Why Hedge Funds, Pension Funds, Real Estate and Equity Funds Prefers Active Investment?
Since the dawn of the International Stock Markets, investors have been trying to generate returns by investing in individual stocks, commodities or in Government Bonds. In most cases, this is an Active Asset Management that uses the active form of financial investments.[1]
The Active Investment of money is the fundamental idea that one is able to achieve a higher profit than the average market earnings through active responses[2]. A prerequisite, however, is a certain competitive edge compared to the overall market.
The investor must have this knowledge sooner or to a greater extent at their disposal than the market itself. The boundaries for the so-called insider trading, which is generally prohibited are not very clear in this area[3].
The Aims of Active Investments
The general aim of active investment is to "beat the market" in the long term. This means that you want to achieve the highest possible profit, which is not only above the inflation rate, but also above the expected profit[2].

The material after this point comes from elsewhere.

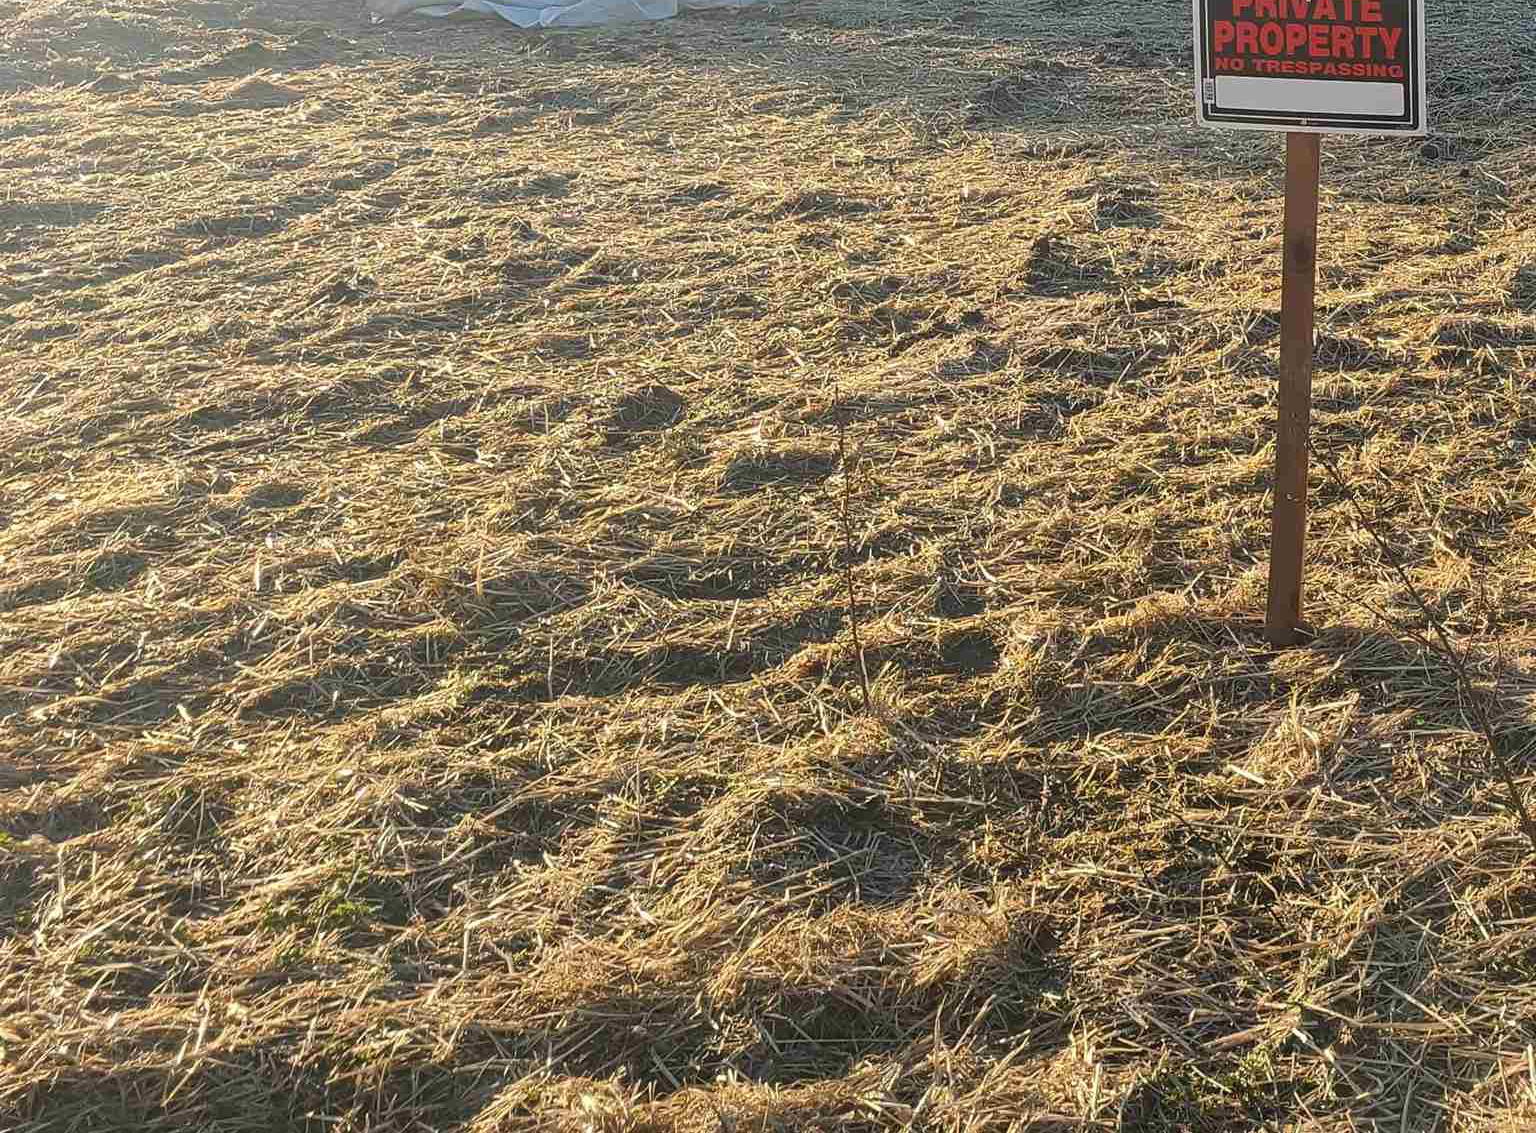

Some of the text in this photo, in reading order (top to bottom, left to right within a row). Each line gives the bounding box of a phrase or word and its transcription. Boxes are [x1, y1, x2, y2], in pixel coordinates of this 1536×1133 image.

[1214, 20, 1402, 59] PROPERTY
[1215, 58, 1404, 78] NO TRESPASSING

All actively managed collective investment fund attract customers by conveying them that they are capable of getting best return on active investment. This is also a reason why individual stock, bond or real estate investment funds like to advertise with the personality of the fund manager and his successes.
Looking at the long term success of active investments from a scientific point of view, it quickly becomes clear that Active Fund Manager's term of office is generally too short to be actually used to demonstrate a statistically proven long-term success.
In reality, it is very common that an exceptionally successful fund manager invests mostly in a less successful real estate, bond or equity fund in his next term of office.
The Misconception of Active Investments
However, if the above problems apply to all active investments as financial investment, then why these active investments are so popular?
This is partly because most people in the German-speaking countries still prefer to invest their money in a savings account. They have learned, however, that with this type of investment, little or no interest rates are to be expected and they might even end up losing money in the long run despite historically low inflation rates[4].
Real Estate, Bond or Equity funds are the next step for financial investments with a higher return and a manageable level of risk. Even with this, it must be generally assumed that the money is invested safely by a high level of diversification and the yields are still higher than in a savings account or an overnight deposit account.